I have patched redhat-rpm-config package to enable building packages with ASAN / TSAN. I have added "_AddressSanitizer_build" and "_ThreadSanitizer_build" flags and turning them on enables ASAN and TSAN respectively. See https://bitbucket.org/dhiru/redhat-rpm-config/commits/all for details.

My patch is tiny, safe and does not affect anything unless the SPEC files are explicitly modified to use these new flags.

"-fsanitize=address" is incompatible with -fsanitize=thread and vice-versa. They are mutually exclusive.

It goes without saying that these new extra hardening flags should not be used to build production RPMS.

It would be great if we could add this functionality to redhat-rpm-config package in Fedora 20.

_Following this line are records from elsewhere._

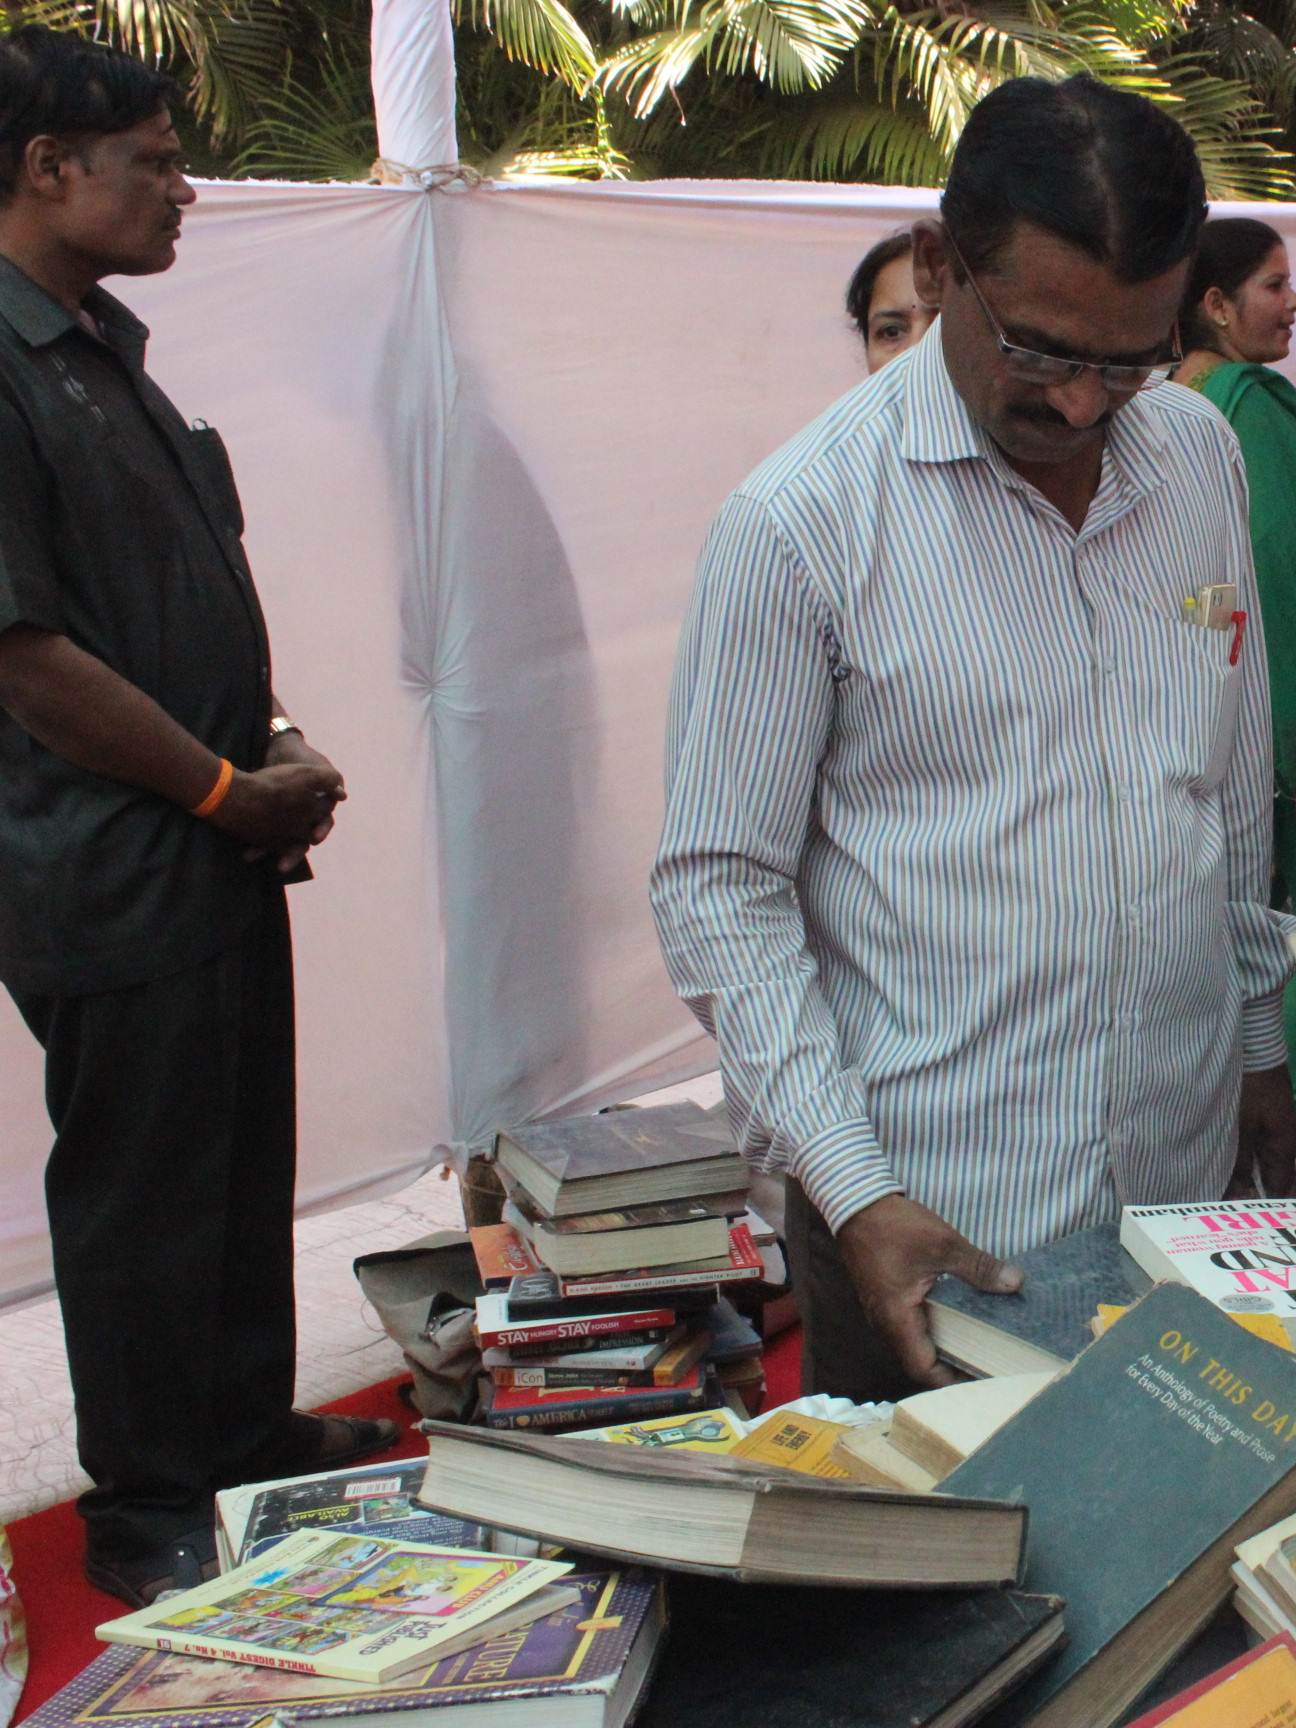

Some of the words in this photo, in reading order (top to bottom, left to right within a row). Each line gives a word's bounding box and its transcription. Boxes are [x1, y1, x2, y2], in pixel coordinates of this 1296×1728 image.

[1130, 1203, 1236, 1219] Dunham
[1166, 1245, 1217, 1255] woman
[497, 1331, 530, 1346] STAY
[530, 1328, 557, 1338] HUNGRY
[558, 1321, 591, 1338] STAY
[591, 1320, 619, 1331] FOOLISH
[1159, 1330, 1198, 1364] ON
[1199, 1358, 1253, 1404] THIS
[517, 1371, 544, 1384] iCon
[1124, 1363, 1140, 1380] for
[1137, 1373, 1162, 1400] Every
[1159, 1390, 1181, 1414] Day
[1176, 1405, 1192, 1422] of
[1187, 1413, 1205, 1430] the
[1201, 1426, 1224, 1446] Year
[1137, 1353, 1155, 1370] An
[1150, 1361, 1198, 1404] Anthology
[1202, 1403, 1239, 1436] Poetry
[1229, 1425, 1252, 1444] and
[1249, 1438, 1276, 1463] Prose
[531, 1409, 587, 1427] AMERICA
[217, 1648, 239, 1662] Vol.
[239, 1652, 278, 1667] DIGEST
[463, 1622, 534, 1683] ATURE
[279, 1658, 317, 1673] TINKLE

Additionally, it is likely that various upstream projects will try to become more ASAN friendly soon,

It would be nice to see Fedora taking a lead in becoming a "Grade A+" platform for doing ASAN and other hardening stuff.

I am currently working on writing step-by-step documentation for the packaging and QA folks. I am hoping that the QA folks will be able to use this feature heavily during their regression, coverage and stress testing runs.


QA running specially instrumented builds would be... new. Or would we consider enabling the sanitizers unconditionally for rawhide, like the kernel team using debug configurations? That would probably imply either two mass rebuilds during a release cycle, or two build targets.

(Procedural note: The RPM macros aspect can be handled by the FPC without FESCo involvement; the above discussion about sanitized builds probably belongs to FESCo, but also expands what halfie was asking for, so perhaps shouldn't block the FPC process.)

Also, while I am ''always'' in favor of improving security with build-flags, I must note that we are now well-past the Fedora 20 Change Submission deadline, so I recommend working with Panu (the redhat-rpm-config maintainer) towards having this ready as a Fedora 21 Change.

Ideally, it would be nice to have it enabled on demand, like MALLOC_CHECK. I suspect this is not doable at all, but could be nice to ask to upstream ( even if I think they already know ).

Discussing on irc with halfie, maybe what should be done is to have a separate rebuild of the distribution enabling ASAN, and then have a test day using this separate distribution, with the objective of finding as much problem as possible.

Enabling by default is no-go due to runtime penalty, and I guess few people will enable it if this requires rebuild, except for very motivated QA people.

Replying to [comment:1 mitr]:

Or would we consider enabling the sanitizers unconditionally for rawhide, like the kernel team using debug configurations? That would probably imply either two mass rebuilds during a release cycle, or two build targets.

"Typical slowdown introduced by AddressSanitizer is 2x." I was told that people actually use rawhide to get work done. So, slowing down rawhide by 2x (or even more) might not be an acceptable / practical option.

Replying to [comment:3 misc]:

Enabling by default is no-go due to runtime penalty, and I guess few people will enable it if this requires rebuild, except for very motivated QA people.

Agreed.

Discussing on irc with halfie, maybe what should be done is to have a separate rebuild of the distribution enabling ASAN, and then have a test day using this separate distribution, with the objective of finding as much problem as possible.

This sounds like a good practical idea!

Is there anything else for fesco to do here?

Replying to [comment:8 toshio]:

Is there anything else for fesco to do here?

No, I think.

...

I will talk with Panu about this soon.